WORK TO BE COMPLETED: Without any of the pictures, print every record below exactly.

MATERIAL PROVIDED:
* * * * *

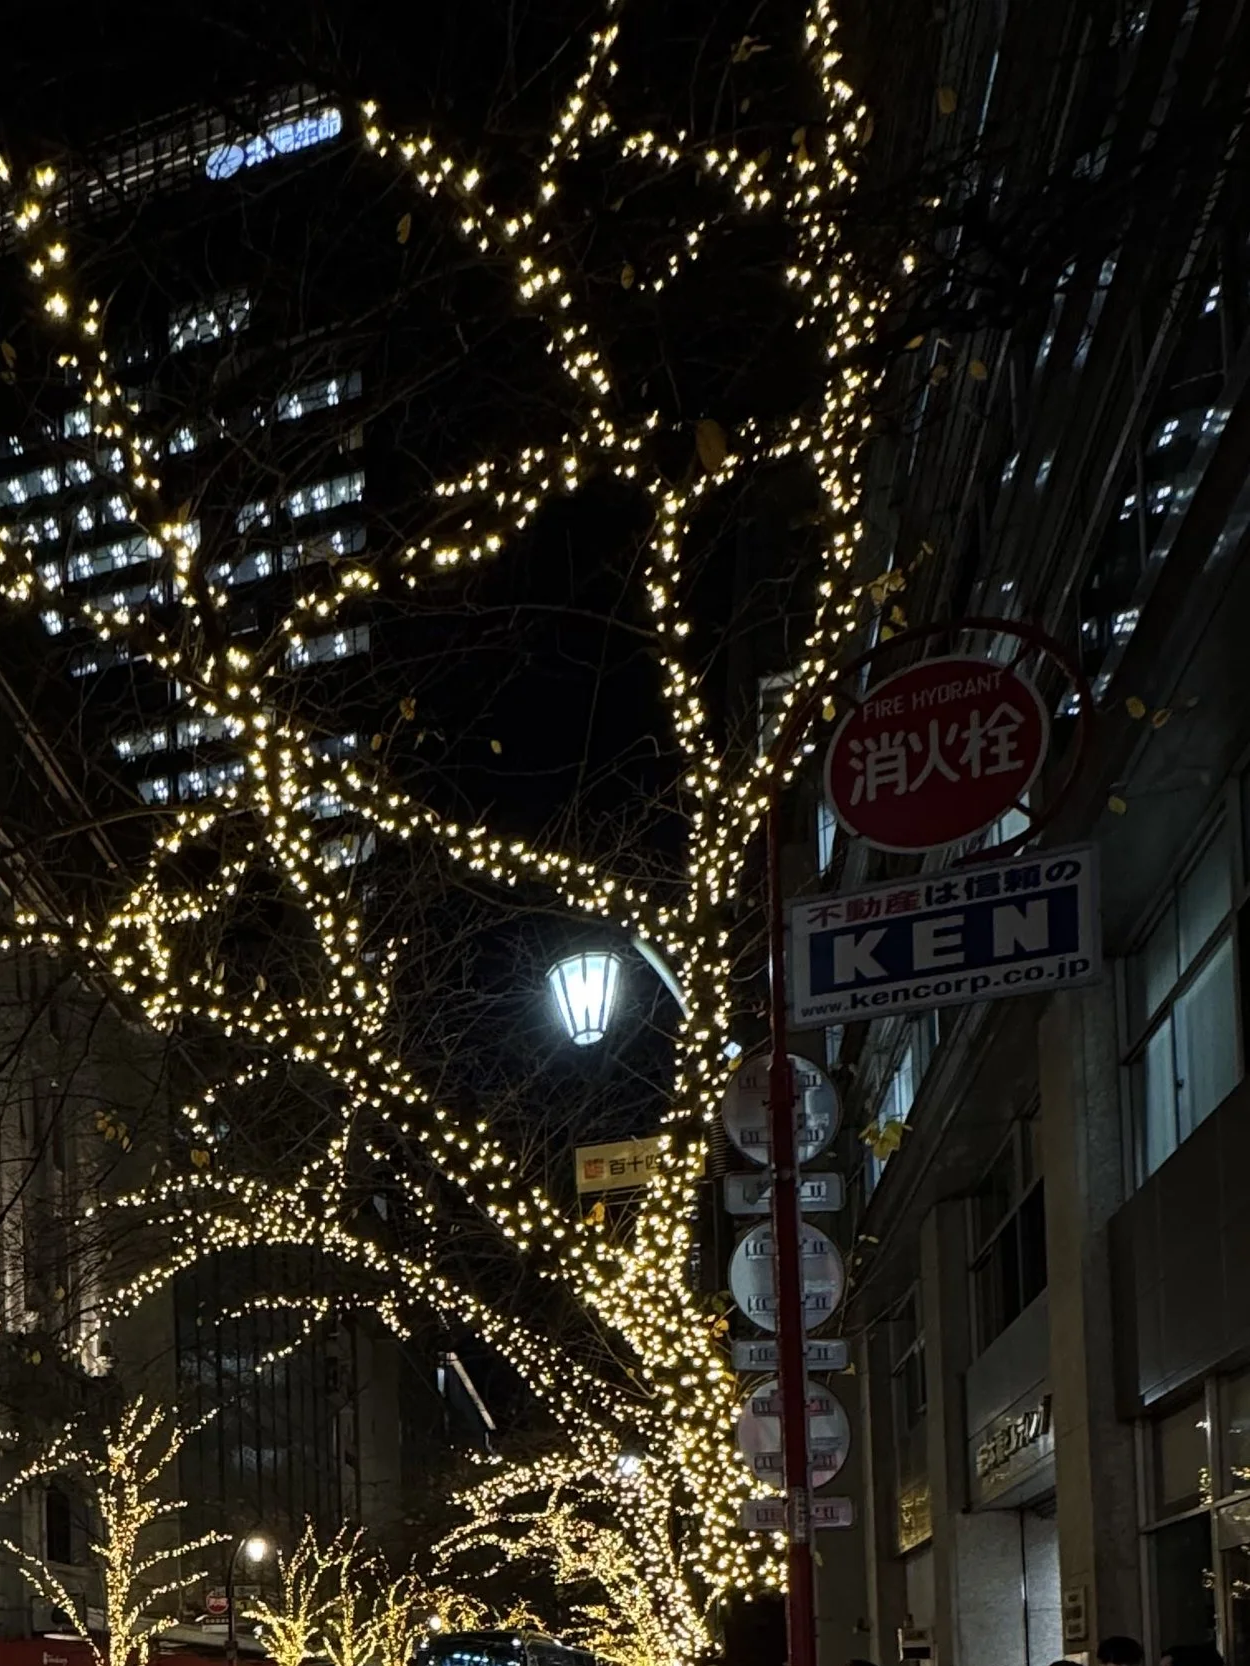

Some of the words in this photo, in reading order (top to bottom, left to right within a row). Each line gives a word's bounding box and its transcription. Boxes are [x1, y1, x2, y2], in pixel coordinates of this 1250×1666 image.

[862, 696, 905, 721] FIRE
[912, 674, 1003, 711] HYDRANT
[848, 702, 1025, 806] 消火栓
[807, 859, 1082, 928] 不動産は信頼の
[833, 899, 1049, 985] KEN
[800, 956, 1091, 1019] www.kencorp.co.jp

* * * * *

SOLUTION TO THE PROBLEM:
Some of the words in this photo, in reading order (top to bottom, left to right within a row). Each line gives a word's bounding box and its transcription. Boxes are [x1, y1, x2, y2], in pixel coordinates of this 1250×1666 image.

[862, 696, 905, 721] FIRE
[912, 674, 1003, 711] HYDRANT
[848, 702, 1025, 806] 消火栓
[807, 859, 1082, 928] 不動産は信頼の
[833, 899, 1049, 985] KEN
[800, 956, 1091, 1019] www.kencorp.co.jp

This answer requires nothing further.